Start of SOURCE DATA

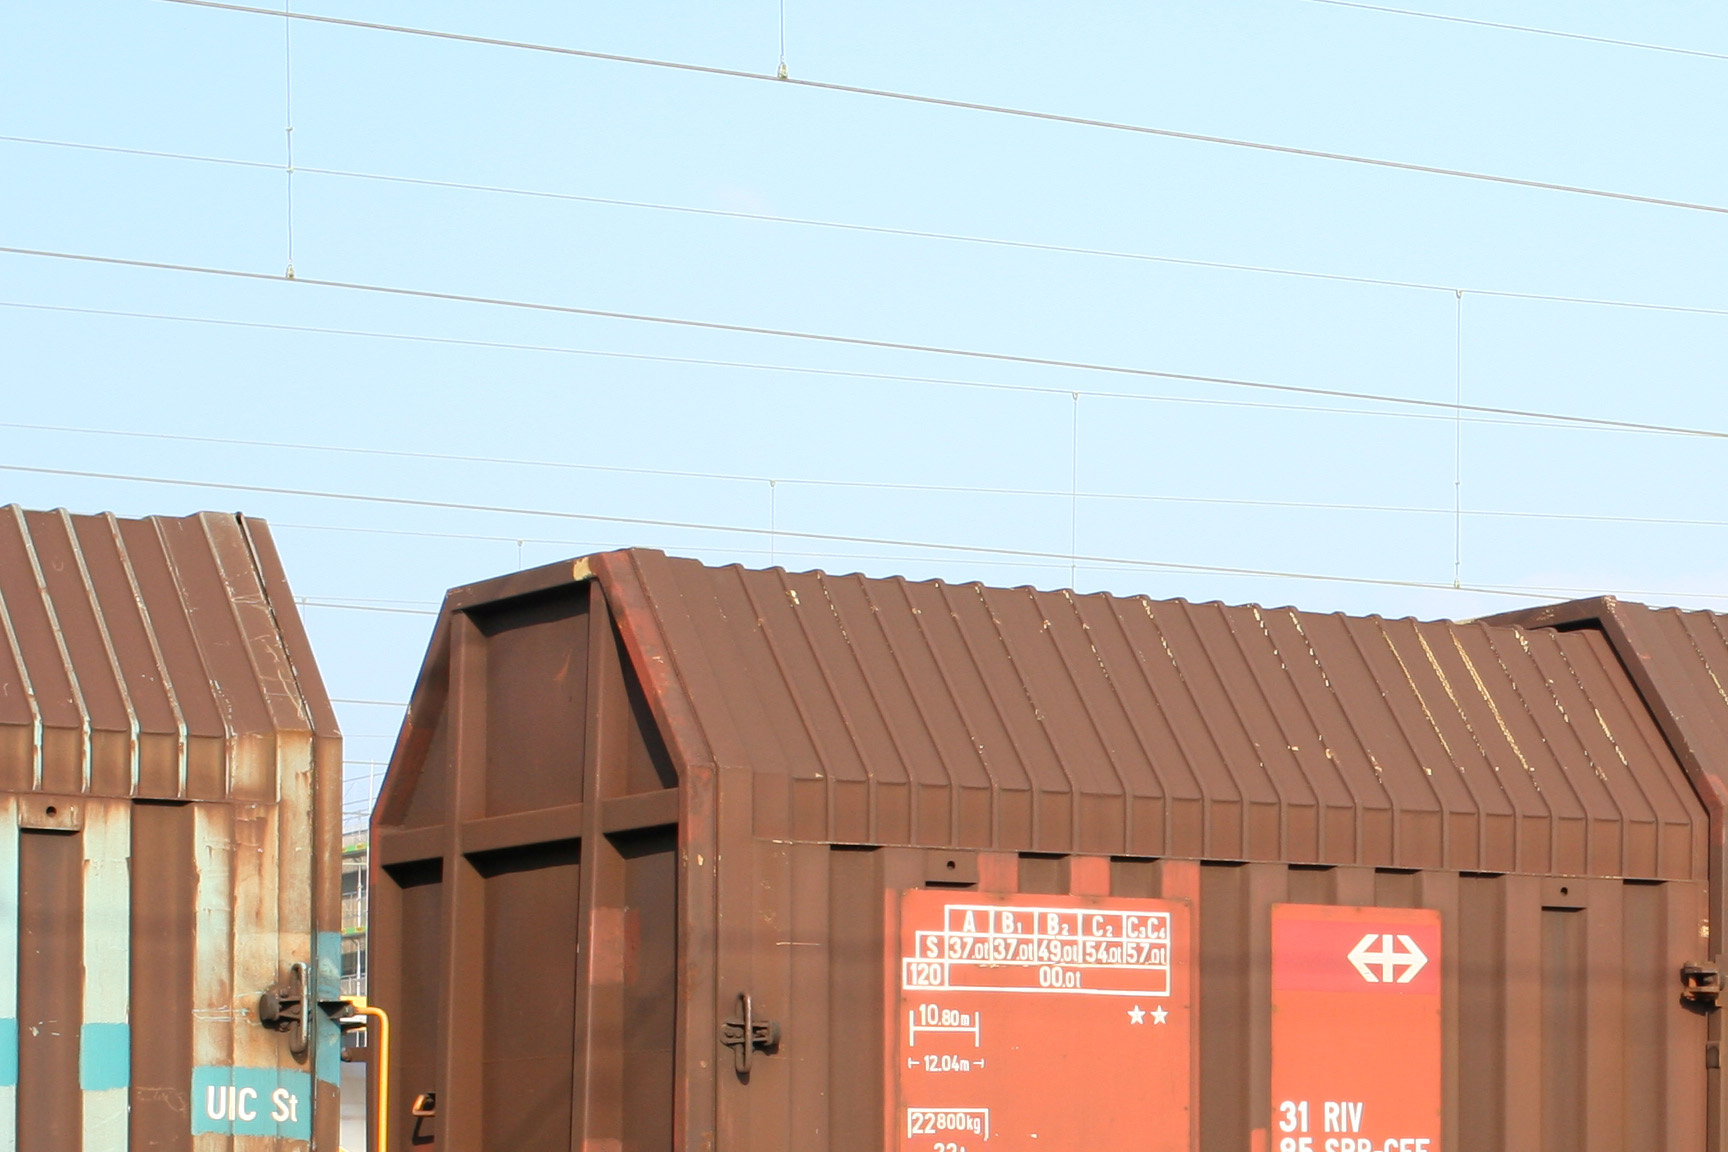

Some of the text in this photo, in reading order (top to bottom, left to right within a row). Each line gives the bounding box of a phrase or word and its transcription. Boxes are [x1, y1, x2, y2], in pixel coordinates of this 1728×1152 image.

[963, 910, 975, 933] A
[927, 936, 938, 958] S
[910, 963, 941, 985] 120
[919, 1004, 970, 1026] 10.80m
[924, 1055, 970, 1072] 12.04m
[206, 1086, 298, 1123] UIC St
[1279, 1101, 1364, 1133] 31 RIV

End of SOURCE DATA

Every last line above must be reproduced as written, and no pictures belong in the copy.

Some of the text in this photo, in reading order (top to bottom, left to right within a row). Each line gives the bounding box of a phrase or word and its transcription. Boxes are [x1, y1, x2, y2], in pixel coordinates of this 1728×1152 image.

[963, 910, 975, 933] A
[927, 936, 938, 958] S
[910, 963, 941, 985] 120
[919, 1004, 970, 1026] 10.80m
[924, 1055, 970, 1072] 12.04m
[206, 1086, 298, 1123] UIC St
[1279, 1101, 1364, 1133] 31 RIV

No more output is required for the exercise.